Con experiencias logradas con el juego, el niño puede aprender con vivacidad y sencillez las complejidades de causa y efecto. Es muy importante que vaya conociendo una buena gama de juegos y materiales para enriquecer mejor sus experiencias. Los niños no tienen las facilidades de aprender que tienen los mayores al tener a su alcance el teatro la radio, la lectura, etc.

La imaginación que podemos desarrollar y educar en los niños por medio del juego es la misma que el día de mañana utilizará para proyectar edificios, diseñar piezas industriales o de decoración, etc. Necesita de esta gimnasia.

El niño, al jugar, imita, lo cual es un producto secundario de la curiosidad. El pequeño sólo seleccionará para su realización, al que capte su interés, en lo cual, su imaginación juega un gran papel. Y si imita, le hemos de poner cosas buenas delante, empezando por nuestro comportamiento.

Si los padres y educadores son capaces de observar a su hijo teniendo en cuenta que el juego es su vida, empezarán a ver el juego de una forma bien distinta a su creencia de que éste es pura diversión o una enfermedad del propio hijo.

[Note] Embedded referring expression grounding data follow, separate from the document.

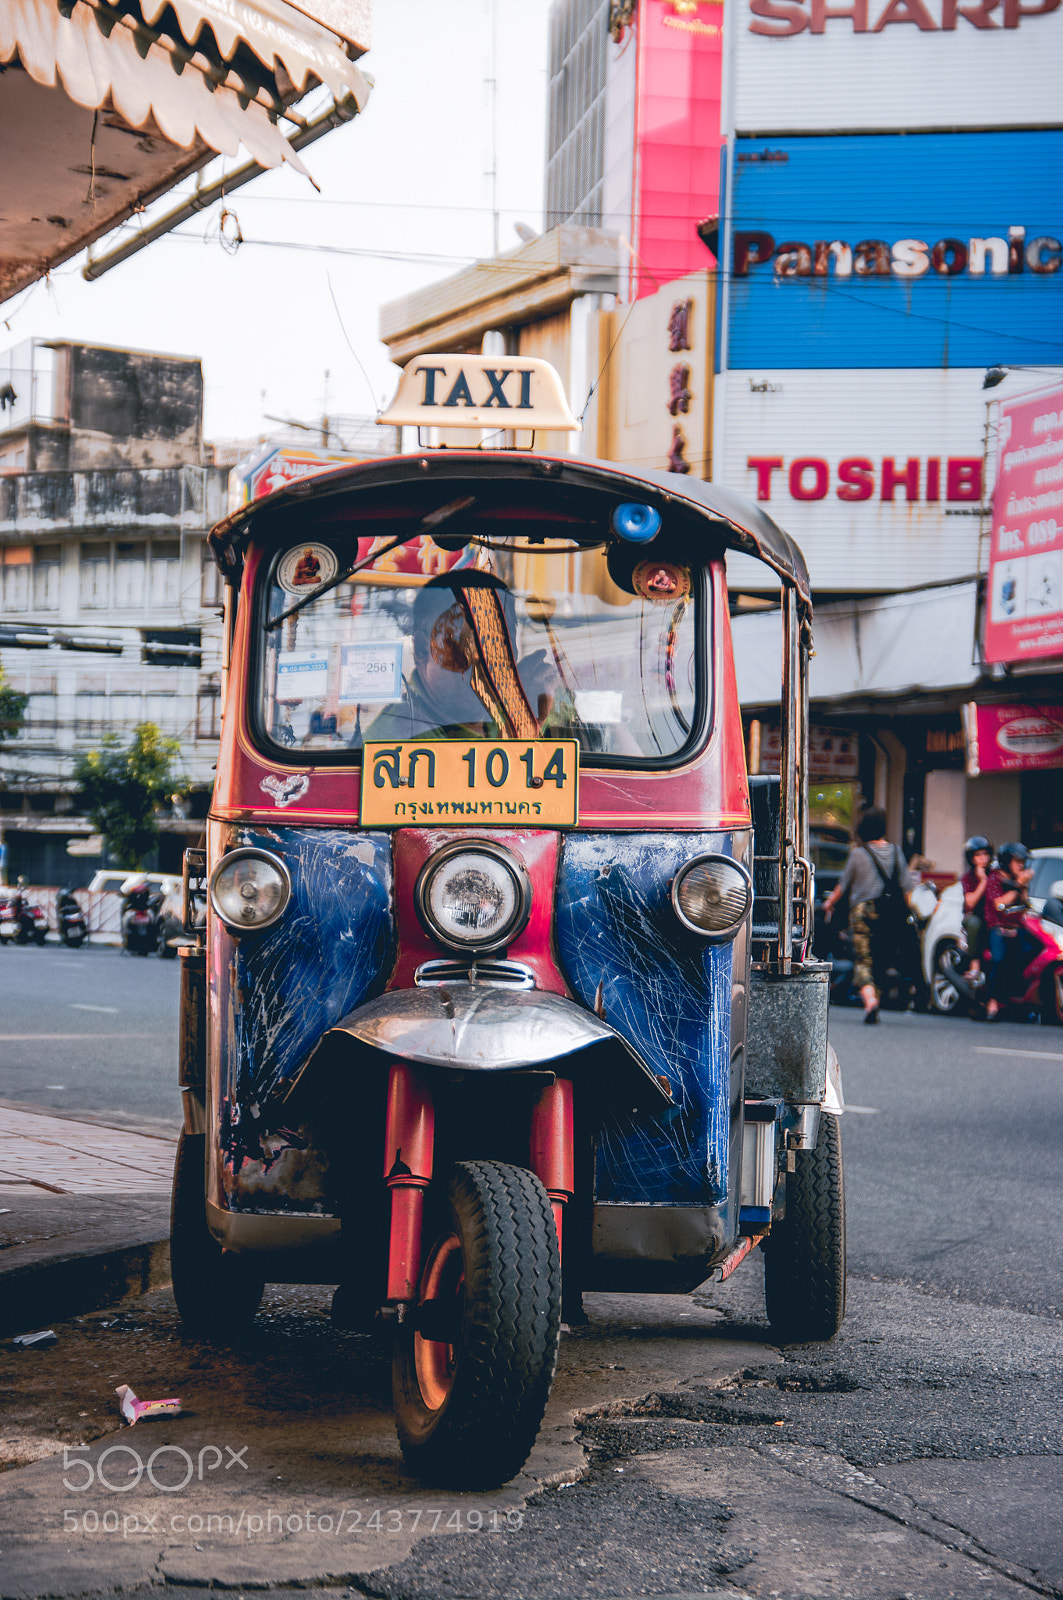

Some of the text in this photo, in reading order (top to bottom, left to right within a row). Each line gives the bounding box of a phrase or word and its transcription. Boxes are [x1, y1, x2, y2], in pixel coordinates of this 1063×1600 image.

[748, 0, 1062, 37] SHARP
[732, 225, 1063, 278] Panasonic
[414, 366, 535, 409] TAXI
[747, 455, 988, 502] TOSHIB
[366, 662, 395, 673] 2561
[373, 745, 567, 789] สก 1014
[394, 801, 542, 821] กรุงเทพมหานคร

Jugar ha de ser divertido. Un juego educativo que hayamos comprado, puede no ser divertido y, si no hay diversión, difícilmente habrá aprendizaje. El niño sabe bien lo que le gusta y lo que no, y no le convenceremos de lo contrario.

El juego le permite al pensamiento acciones espontáneas y eficaces para enriquecer las estructuras que posee y hallar nuevos caminos, nuevas respuestas, nuevas preguntas.

Un niño que necesita conocer el mundo desde sus posibilidades, y un docente que necesita conocer al niño, tienen en el juego un espacio que permite actos conjuntos, integradores. Este espacio favorece, además, la vivencia y la reflexión.

El juego ocupa, dentro de los medios de expresión de los niños, un lugar privilegiado. No se puede considerar sólo como un pasatiempo o diversión. Es, más que nada, un aprendizaje para la vida adulta. El mundo de los juegos tiene una gran amplitud, existiendo en cantidad inagotable.

Jugando, los niños aprenden las cualidades de las cosas que maneja; ve cómo el papel se deshace en el agua, cómo el carbón ensucia, que las piedras son más duras que el pan, que el fuego quema, etc.

 

La Motivación Dentro del Juego

El juego es fundamentalmente una actividad libre. Las personas cuando jugamos lo hacemos por placer; precisamente el poder responder a la necesidad de pasarla bien, sin otra motivación, supone un acto de libertad.

El juego se aleja de lo cotidiano, ocupa parámetros especiales y temporales diferentes de los impuestos por la rutina diaria. El juego se realiza según una norma o regla, siguiendo una determinada estructura y, por consiguiente, crea orden. El juego se puede considerar como la actividad fundamental de la infancia, actividad que se prolonga en la vida adulta. Estamos seguros que éste se convertirá en el gran instrumento socializador.

Entender el juego como contenido es la consecuencia lógica de considerar que éste es un elemento cultural de gran trascendencia. Es propio de todas las culturas y de todos los tiempos.

La exigencia de los juegos de adoptar puntos de vista externos a uno mismo constituye otra de sus características. Esta exigencia viene determinada, sin duda, por los conflictos y las reglas impuestas desde afuera. Tanto su resolución como la comprensión y su aceptación requieren de una progresión considerable en la construcción del pensamiento infantil. En todo esto no podemos dejar a un lado la motivación, consecuencia del propio placer por el juego y, paralelamente a ésta, también está la necesidad de descubrir, de experimentar, que aparece muy ligada al juego infantil.

Se debe tener en cuenta siempre que la motivación es la explicación del porque de nuestras acciones.